The parts I don't like:

\+ Static linking

\+ No extension (shared library) support

\+ The module importers look over-engineered / too complicated

\+ Custom Python distributions

\+ Not sure what Rust gets you here, besides additional complexity

\+ No support for Python 2.7 (Python 3 drops support for Windows XP which is
still a legit platform for many scenarios)

Many years ago, I solved similar problems (Windows-only at the time) with an
approach that:

\+ Requires no static linking, absolutely no compilation of Python

\+ Supports packaging any pre-installed stock Python 2 distribution, no
modifications except to fix bugs in the standard library

\+ Uses in-memory loading for _everything_ including Python extensions (shared
libraries)

\+ Is based on top of a minimal C-bootstrapping layer that can be compiled
once and reused

\+ Includes a better loader than the one in py2exe :-]
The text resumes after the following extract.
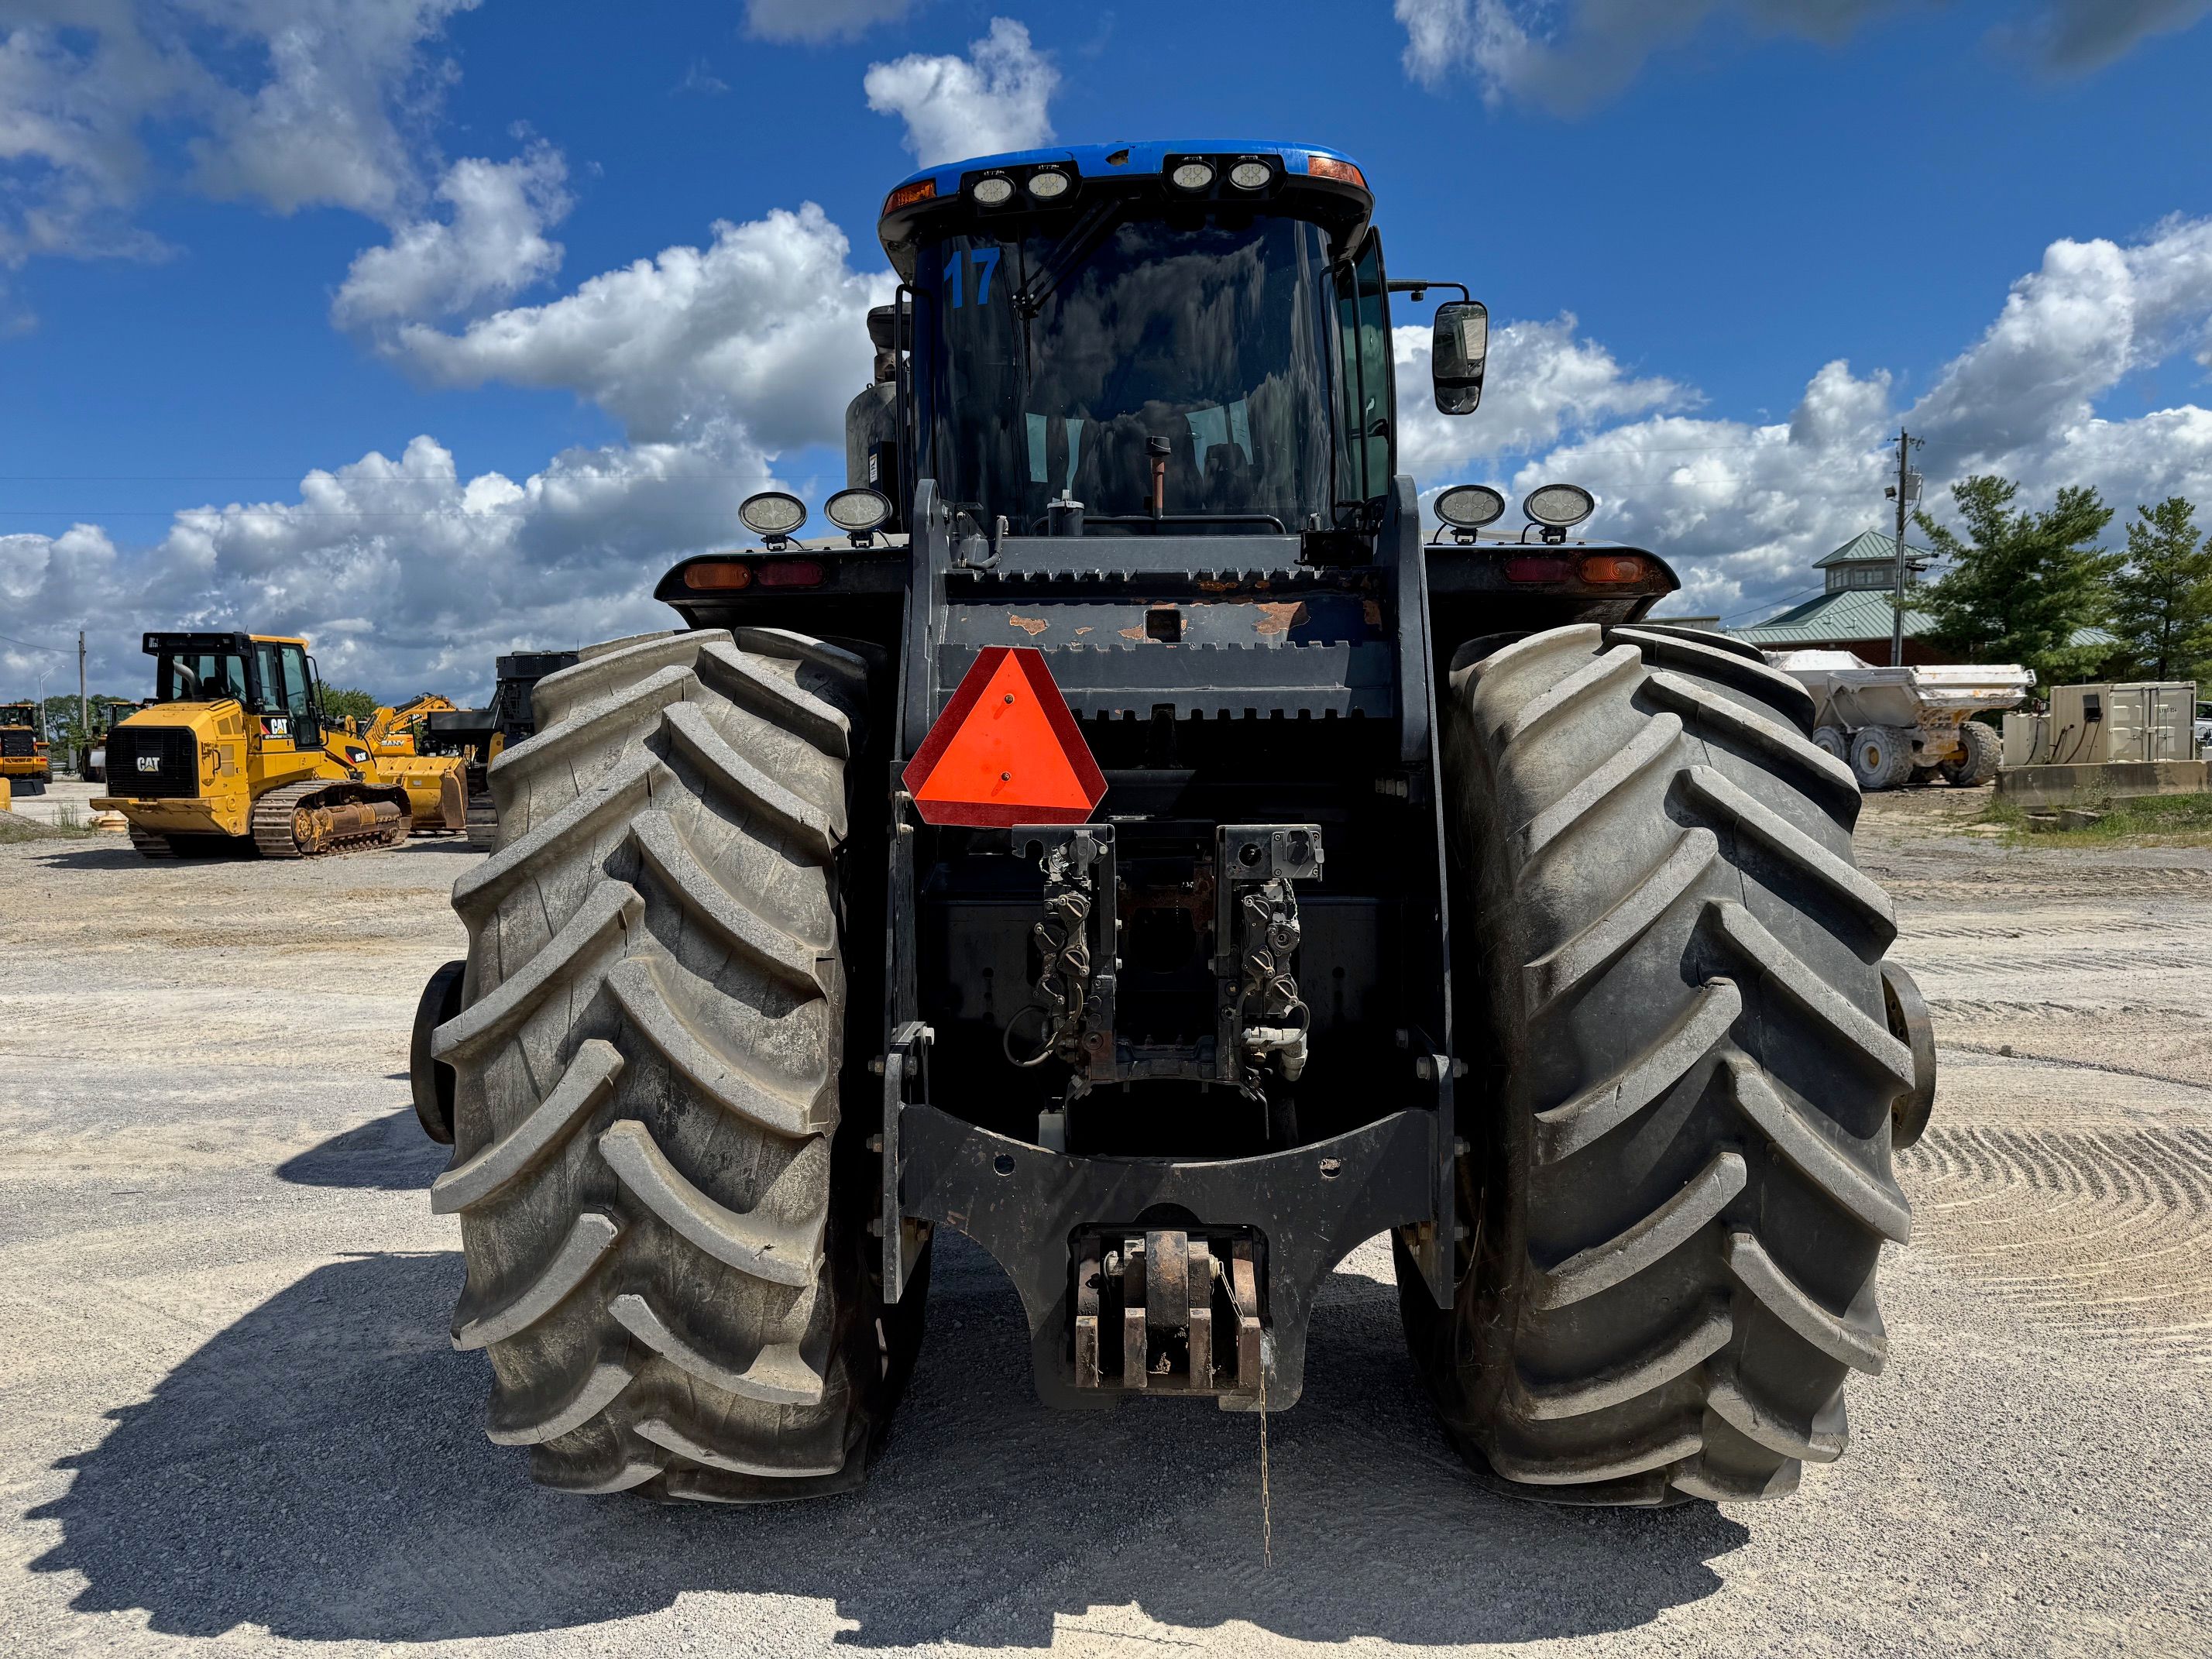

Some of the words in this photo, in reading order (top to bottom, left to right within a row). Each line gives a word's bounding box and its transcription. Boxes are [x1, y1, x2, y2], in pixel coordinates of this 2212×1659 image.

[943, 247, 1001, 309] 17
[271, 718, 287, 734] CAT
[137, 757, 160, 772] CAT
\+ Delivers an injectable DLL or executable with absolutely no dependencies
except OS built-ins

\+ Works on every version of Windows from XP SP0 and beyond

The product is commercial (platform for modelling APT attacks and performing
automated exfiltration pentests) but I did a presentation [1] which lays out
the entire loader and the benefits of my approach in a way that is easy to
independently re-engineer. I can see some benefits of static linking on Unix
(even though I'd still avoid it there), but I'm convinced that it's absolutely
the wrong thing to do for Windows.

[1] [https://downloads.immunityinc.com/infiltrate-
archives/python...](https://downloads.immunityinc.com/infiltrate-
archives/python_deflowered.pdf)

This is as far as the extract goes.